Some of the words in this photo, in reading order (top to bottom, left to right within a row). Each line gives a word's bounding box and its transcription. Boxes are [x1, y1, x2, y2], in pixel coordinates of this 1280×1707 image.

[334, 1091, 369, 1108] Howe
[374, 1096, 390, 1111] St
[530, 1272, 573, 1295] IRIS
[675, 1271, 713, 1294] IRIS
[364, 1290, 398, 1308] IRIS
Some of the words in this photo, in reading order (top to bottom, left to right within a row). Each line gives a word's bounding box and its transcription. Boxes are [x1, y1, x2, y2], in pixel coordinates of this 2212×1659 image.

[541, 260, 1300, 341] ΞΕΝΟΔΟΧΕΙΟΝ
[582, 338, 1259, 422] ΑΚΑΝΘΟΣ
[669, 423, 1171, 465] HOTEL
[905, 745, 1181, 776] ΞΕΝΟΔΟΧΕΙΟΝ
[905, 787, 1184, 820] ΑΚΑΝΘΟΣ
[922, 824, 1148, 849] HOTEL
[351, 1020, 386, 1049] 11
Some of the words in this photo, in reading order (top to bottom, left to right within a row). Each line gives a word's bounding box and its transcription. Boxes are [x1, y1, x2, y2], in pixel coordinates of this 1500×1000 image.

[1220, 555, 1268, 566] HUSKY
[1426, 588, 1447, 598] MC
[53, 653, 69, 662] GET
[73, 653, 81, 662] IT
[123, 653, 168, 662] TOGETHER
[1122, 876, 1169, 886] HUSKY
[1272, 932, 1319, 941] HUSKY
........
### TASK BRIEF
Reproduce the listing above exactly.

### WRITTEN ANSWER
Some of the words in this photo, in reading order (top to bottom, left to right within a row). Each line gives a word's bounding box and its transcription. Boxes are [x1, y1, x2, y2], in pixel coordinates of this 1280×1707 image.

[334, 1091, 369, 1108] Howe
[374, 1096, 390, 1111] St
[530, 1272, 573, 1295] IRIS
[675, 1271, 713, 1294] IRIS
[364, 1290, 398, 1308] IRIS
Some of the words in this photo, in reading order (top to bottom, left to right within a row). Each line gives a word's bounding box and its transcription. Boxes are [x1, y1, x2, y2], in pixel coordinates of this 2212×1659 image.

[541, 260, 1300, 341] ΞΕΝΟΔΟΧΕΙΟΝ
[582, 338, 1259, 422] ΑΚΑΝΘΟΣ
[669, 423, 1171, 465] HOTEL
[905, 745, 1181, 776] ΞΕΝΟΔΟΧΕΙΟΝ
[905, 787, 1184, 820] ΑΚΑΝΘΟΣ
[922, 824, 1148, 849] HOTEL
[351, 1020, 386, 1049] 11
Some of the words in this photo, in reading order (top to bottom, left to right within a row). Each line gives a word's bounding box and its transcription. Boxes are [x1, y1, x2, y2], in pixel coordinates of this 1500×1000 image.

[1220, 555, 1268, 566] HUSKY
[1426, 588, 1447, 598] MC
[53, 653, 69, 662] GET
[73, 653, 81, 662] IT
[123, 653, 168, 662] TOGETHER
[1122, 876, 1169, 886] HUSKY
[1272, 932, 1319, 941] HUSKY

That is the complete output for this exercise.